The glycine site modulates NMDA-mediated changes of intracellular free calcium in cultures of hippocampal neurons

Abstract

Recent evidence indicates that the N- methyl- d-aspartate (NMDA) receptor-channel complex contains a glycine subunit whose activation may be necessary for channel operation. It has been previously shown that stimulation of the NMDA receptor leads to an increase in intracellular ionic Ca 2+ ([Ca 2+] i); therefore, we examined the role of the NMDA receptor-associated glycine site in modulating [Ca 2+] i using the fluorescent dye Fura II in hippocampal neuron cultures. A 3-s pulse of 200 μM NMDA resulted in a mean [Ca 2+] i increase of 363 nM above the average resting concentration of 122 nM. Perfusion of the glycine site antagonist 7-chlorokynurenate (Cl-Kyn) essentially eliminated the NMDA-induced alteration in [Ca 2+] i.
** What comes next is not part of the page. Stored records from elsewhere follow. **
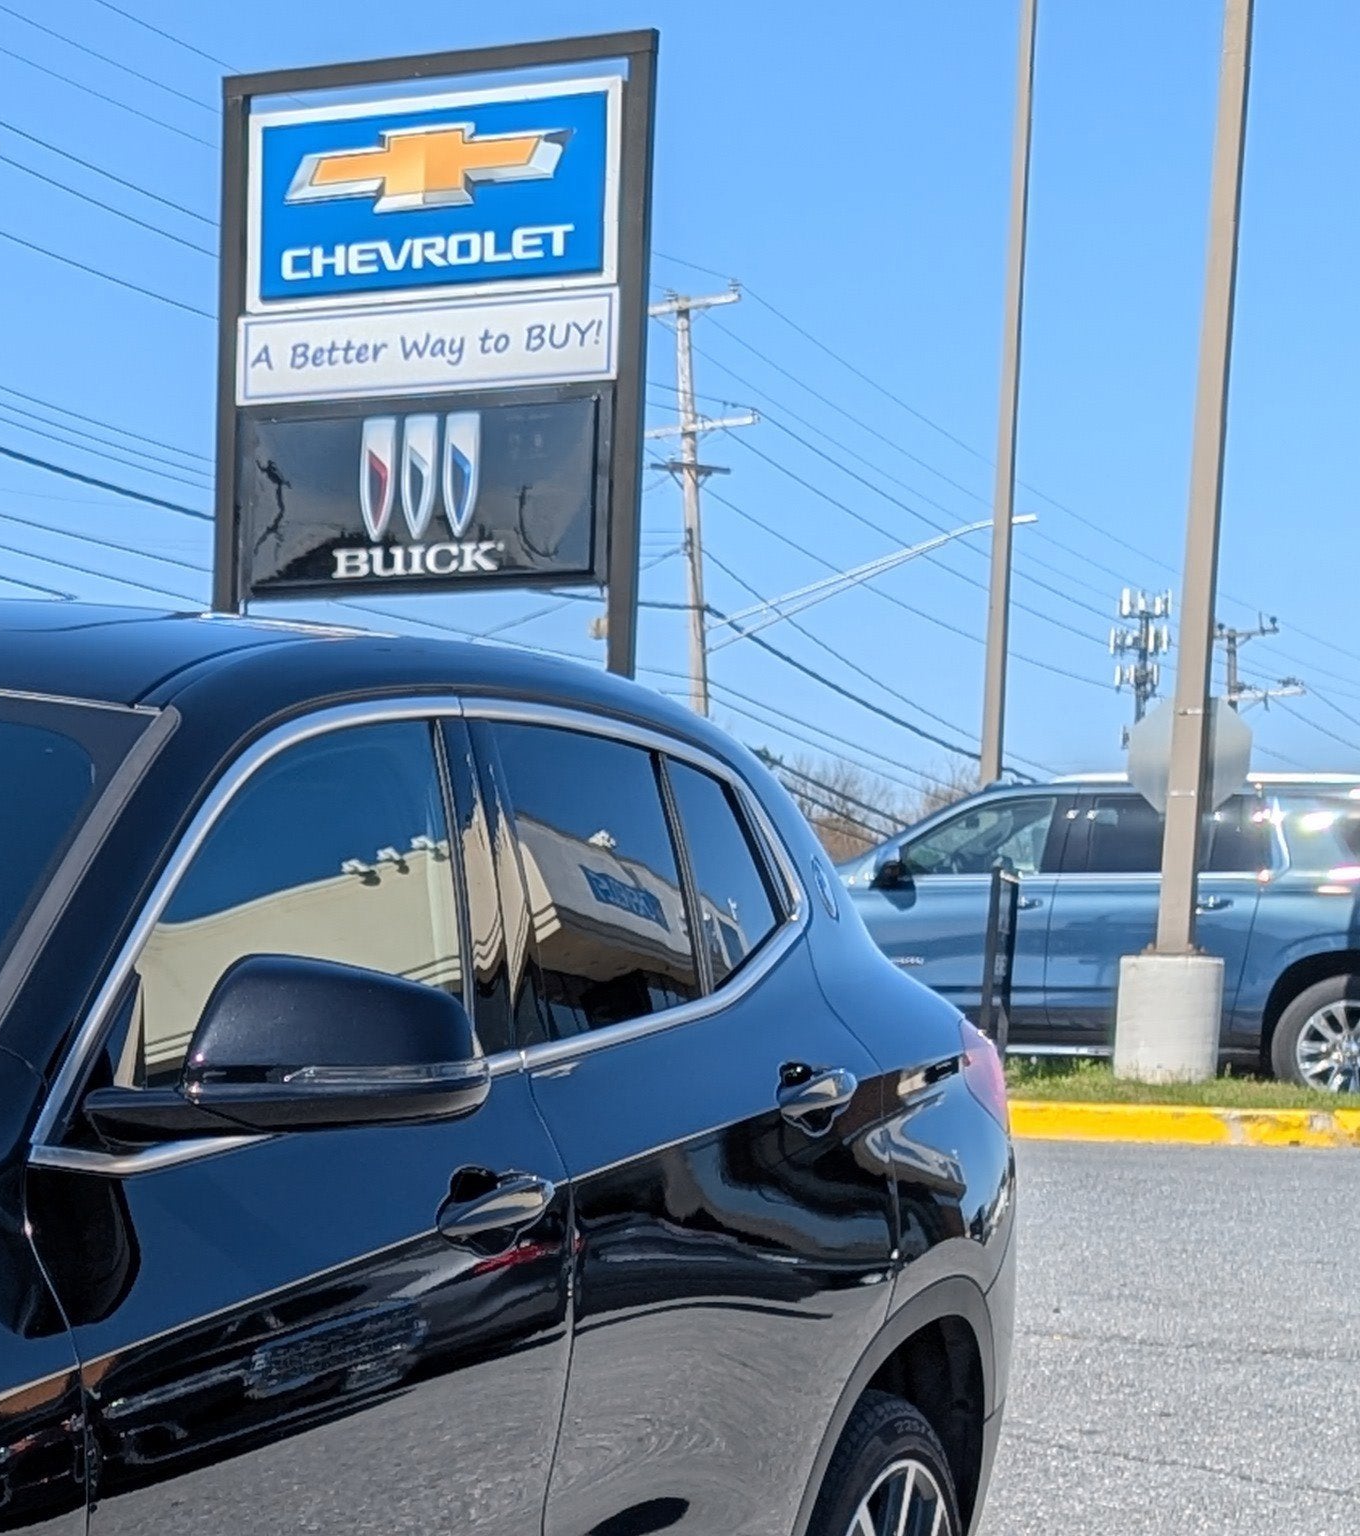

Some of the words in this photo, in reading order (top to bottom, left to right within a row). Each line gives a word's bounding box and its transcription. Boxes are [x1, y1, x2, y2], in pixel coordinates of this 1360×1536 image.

[281, 223, 575, 280] CHEVROLET
[250, 344, 275, 370] A
[290, 339, 387, 370] Better
[400, 332, 465, 365] Way
[479, 329, 510, 354] to
[525, 319, 603, 352] BUY!
[331, 541, 500, 579] BUICK
Either 40 μM glycine or 50 μM d-serine completely reversed the effect of Cl-Kyn, indicating that the drug was acting at the glycine site. The NMDA receptor antagonists 2-amino-5-phosphonovalerate (AP5) and ketamine, which bind to the glutamate recognition site and the ion channel, respectively, also blocked the NMDA-mediated [Ca 2+] i response; however, glycine or d-serine did not reverse this effect. These data show that the glycine binding site coupled to the NMDA receptor modulates the NMDA-mediated increase in [Ca 2+] i. Antagonists of the glycine site provide a new tool to investigate and possibly control neuroplasticity and neurotoxicity related to the NMDA receptor complex.